Consider this sentence: "To a conscientious student is a desire to get the assignment done,"
which we might revise as "To a conscientious student, getting the assignment done is very
important" or "A conscientious student always wants to get the assignment done." (Sherbert)
Consider the following sentence: The dog bit the man. The meaning is clear; the dog performed
the action of biting and the man received that action. Now add in these words: Ferocious,
uniformed, baring its teeth, delivering the daily mail. The first two words are easily
incorporated into the sentence: The ferocious dog bit the uniformed man. But the two phrases
can be easily inserted in places that confuse the meaning of the sentence:
Delivering the daily mail, the dog bit the man.
OR –
The dog bit the man baring its teeth.
Both of these are examples of misplaced modifiers. The first example says that the dog was the
one who was delivering the daily mail. The second example says that the man was baring his
teeth. These errors are easily corrected, as long as the student is thinking as s/he reads what s/he
has written and paying attention to the structure and meaning of his/her sentences.
Analyzing syntax in literature
When we examine an author's use of syntax in order to achieve a particular effect in his/her
writing, we are evaluating tangible devices which the author may have manipulated to create an
emotional or intellectual effect. How the author organizes the words creates meaning and effect.

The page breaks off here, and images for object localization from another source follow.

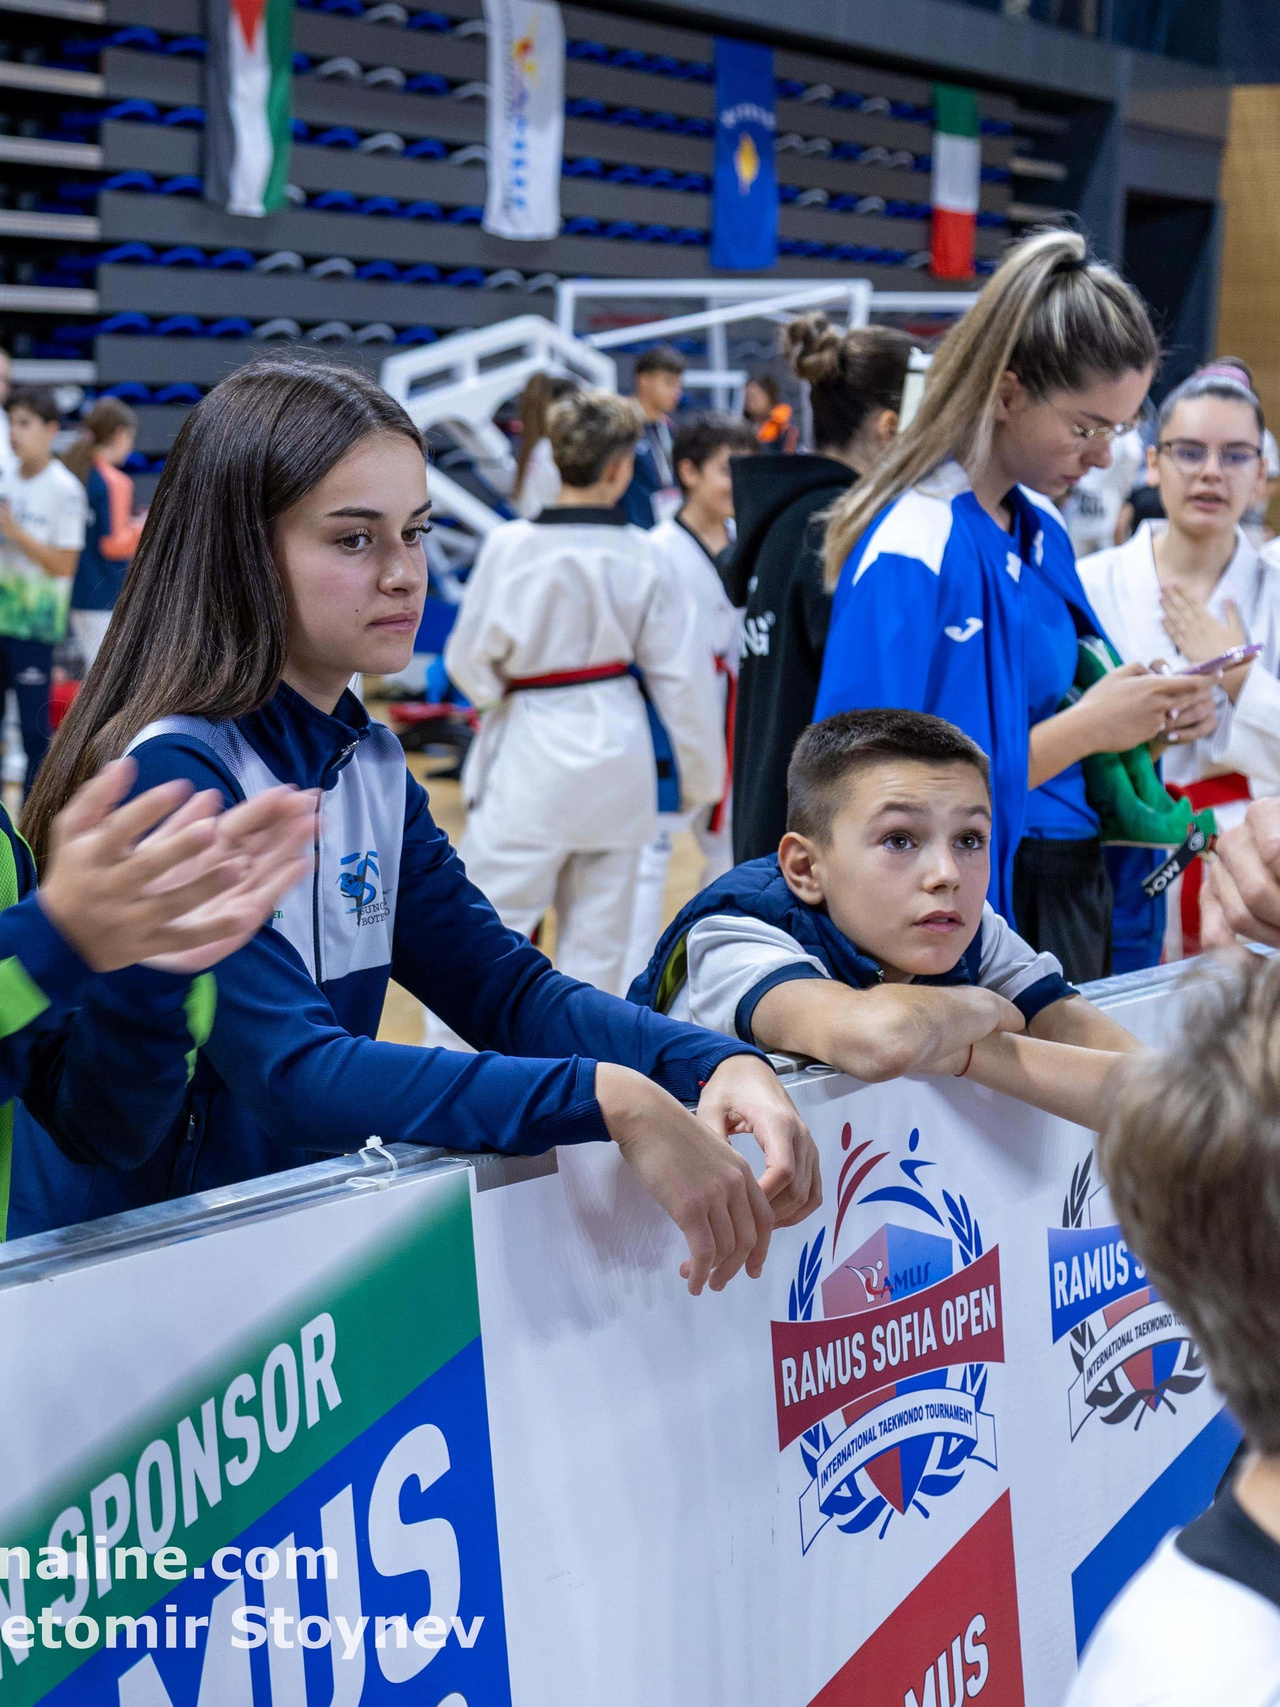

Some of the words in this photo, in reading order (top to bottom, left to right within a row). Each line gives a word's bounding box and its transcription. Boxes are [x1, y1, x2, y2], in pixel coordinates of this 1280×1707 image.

[1053, 1240, 1130, 1310] RAMUS
[781, 1331, 867, 1408] RAMUS
[871, 1306, 938, 1373] SOFIA
[940, 1284, 997, 1346] OPEN
[1086, 1330, 1134, 1384] INTERNATIONAL
[1134, 1313, 1172, 1340] TAEKWONDO
[47, 1312, 343, 1629] SPONSOR
[820, 1428, 878, 1490] INTERNATIONAL
[878, 1404, 924, 1436] TAEKWONDO
[924, 1402, 974, 1426] TOURNAMENT

Analyzing the way in which the meaning has been communicated to us and the effect it has on us
allows us to more fully appreciate the author's work in crafting that piece of literature.
Examining the author's choices in his/her arrangement of words allows us to better understand
the author's message. Sentence length and patterns&emdash;rhythm, parallelism, word order--all
contribute to the emotional effects of a literary passage. They create connections between the
words, which creates meaning.
What do you look for? The following are common techniques for manipulating syntax:
• unusual (inverted) or unexpected word order. Poets in particular are fond of inverting
word order to make it sound "poetic", rather than just ordinary speech. Look at the
opening line of Robert Frost's poem "Stopping by Woods on a Snowy Evening": "Whose
woods these are I think I know." Frost has avoided conventional word order by reversing
the two units of four words (I think I know whose woods these are).

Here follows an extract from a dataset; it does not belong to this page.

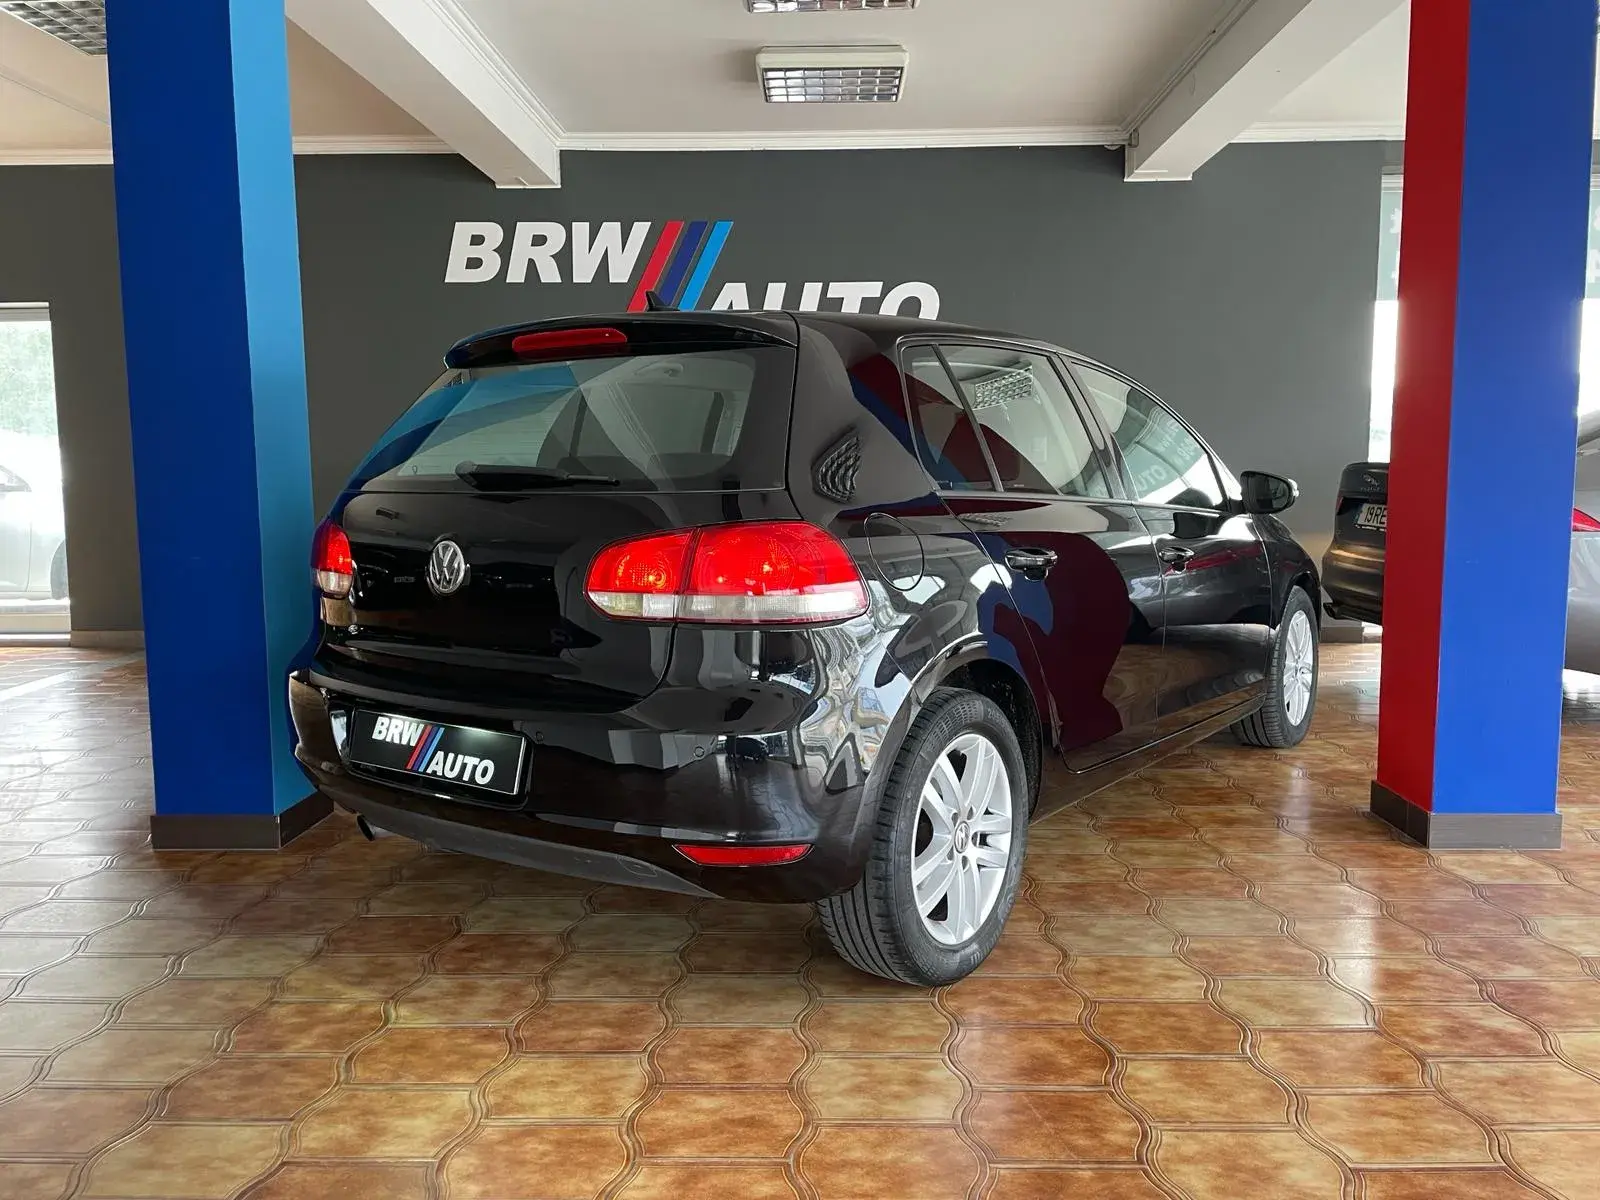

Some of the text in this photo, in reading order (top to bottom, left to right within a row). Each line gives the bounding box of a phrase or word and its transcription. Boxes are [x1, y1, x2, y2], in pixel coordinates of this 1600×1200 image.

[444, 221, 651, 284] BRW
[372, 716, 425, 747] BRW
[426, 750, 495, 785] AUTO

• sentence length (especially variations in the length of sentences)
• punctuation. Where do commas, semi-colons, and periods fall within the sentence? What
is the relationship between punctuation and stanzas in a poem?
• perspective (point of view)
• interruptions
• parallel structure (creates balance and emphasis - "I came, I saw, I conquered.")
• use of similar words (for example, a series of sentences or lines of poetry beginning with
participles - running, jumping, sliding - give a sense of continuous motion)
• a shift in word order (generally signals an important idea)
• word order that imitates the action the words described (mimetic syntax). Notice how
E.E. Cummings uses mimetic syntax in this poem:
o Me Up At Does
Me up at does
out of the floor
quietly Stare
a poisoned mouse
still who alive
is asking What
have I done that
You wouldn't have
In order to make sense of this poem, we must first rearrange it in conventional syntax. We
can begin with the subject of the sentence in something like the following manner: "A
poisoned mouse, who, still alive, is asking what have I done that you wouldn't have, does
quietly stare out of the floor up at me." By inverting and fracturing syntax the way he does,
Cummings surprises us into looking more closely not only at his language, but also at the
experience it conveys.
The emotional and intellectual experience in reading Cummings' original poem and our
revision differ significantly. Cummings' redistribution of words on the page and his unusual
syntactic arrangement compel us to look more deliberately at his subject. We are made to see
much more clearly the mouse's point of view. Instead of a speaker looking down at a mouse,
Cummings creates a perspective in which the dying mouse is looking up at his executioner.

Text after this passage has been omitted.